Pictures aside, can you reproduce the records word for word?

| Material for this task |

========

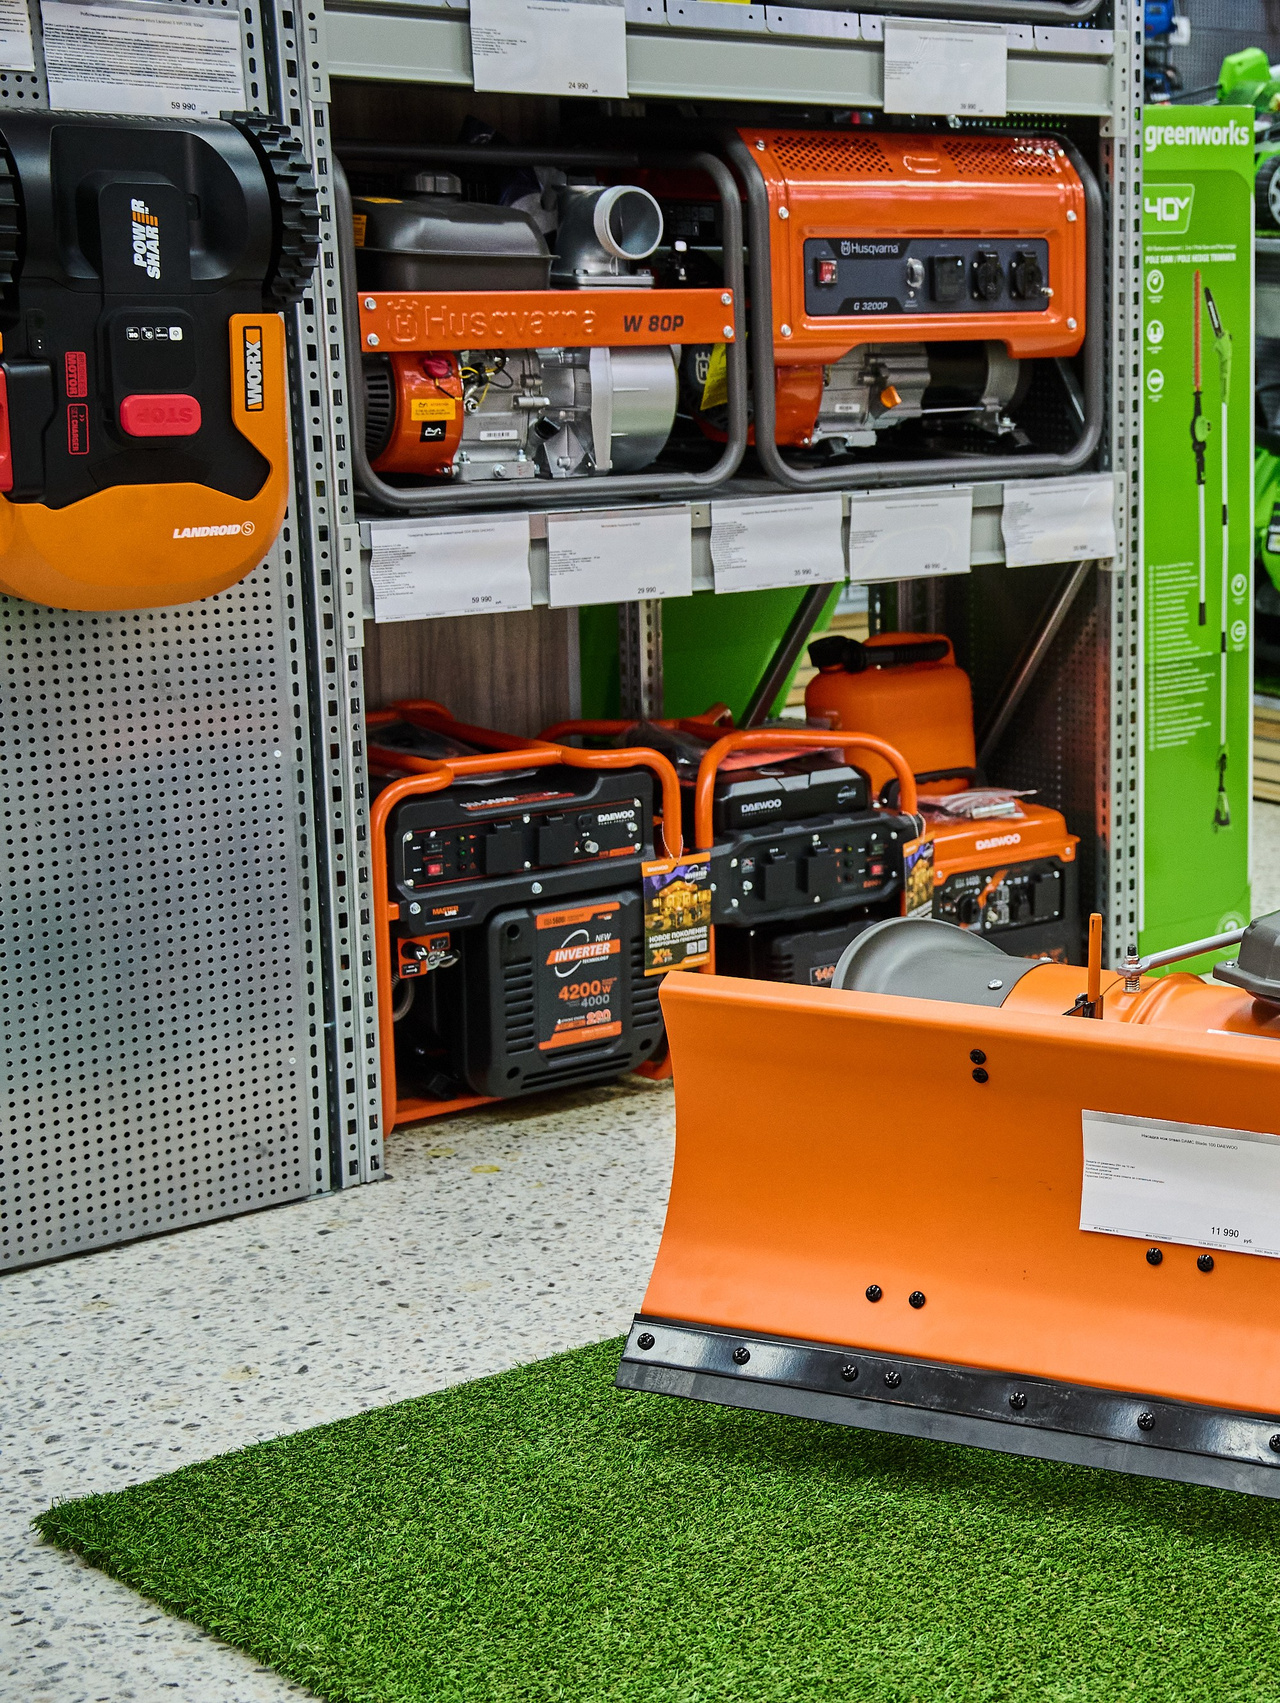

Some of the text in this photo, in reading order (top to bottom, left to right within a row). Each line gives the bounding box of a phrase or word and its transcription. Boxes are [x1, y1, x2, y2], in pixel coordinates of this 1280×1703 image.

[577, 82, 589, 90] 990
[171, 101, 196, 111] 59 990
[1144, 119, 1250, 152] greenworks
[131, 198, 148, 268] POWER
[145, 214, 161, 280] SHARE
[850, 243, 899, 255] Husqvarna
[853, 301, 888, 311] G 3200P
[622, 313, 684, 332] W 80P
[68, 354, 78, 395] MOTOR
[245, 340, 263, 406] WORX
[172, 524, 241, 539] LANDROID
[471, 595, 492, 604] 59 990
[741, 798, 782, 813] DAEWOO
[597, 809, 635, 822] DAEWOO
[975, 833, 1021, 851] DAEWOO
[647, 864, 669, 873] DAEWOO
[432, 905, 459, 916] MASTER
[595, 932, 612, 942] NEW
[649, 925, 708, 943] НОВОЕ ПОКОЛЕНИЕ
[554, 942, 611, 963] INVERTER
[582, 955, 610, 964] TECHNOLOGY
[558, 980, 612, 1001] 4200 W
[581, 994, 610, 1008] 4000
[1211, 1226, 1240, 1238] 11 990

========

| Exercise response |
Some of the text in this photo, in reading order (top to bottom, left to right within a row). Each line gives the bounding box of a phrase or word and its transcription. Boxes are [x1, y1, x2, y2], in pixel coordinates of this 1280×1703 image.

[577, 82, 589, 90] 990
[171, 101, 196, 111] 59 990
[1144, 119, 1250, 152] greenworks
[131, 198, 148, 268] POWER
[145, 214, 161, 280] SHARE
[850, 243, 899, 255] Husqvarna
[853, 301, 888, 311] G 3200P
[622, 313, 684, 332] W 80P
[68, 354, 78, 395] MOTOR
[245, 340, 263, 406] WORX
[172, 524, 241, 539] LANDROID
[471, 595, 492, 604] 59 990
[741, 798, 782, 813] DAEWOO
[597, 809, 635, 822] DAEWOO
[975, 833, 1021, 851] DAEWOO
[647, 864, 669, 873] DAEWOO
[432, 905, 459, 916] MASTER
[595, 932, 612, 942] NEW
[649, 925, 708, 943] НОВОЕ ПОКОЛЕНИЕ
[554, 942, 611, 963] INVERTER
[582, 955, 610, 964] TECHNOLOGY
[558, 980, 612, 1001] 4200 W
[581, 994, 610, 1008] 4000
[1211, 1226, 1240, 1238] 11 990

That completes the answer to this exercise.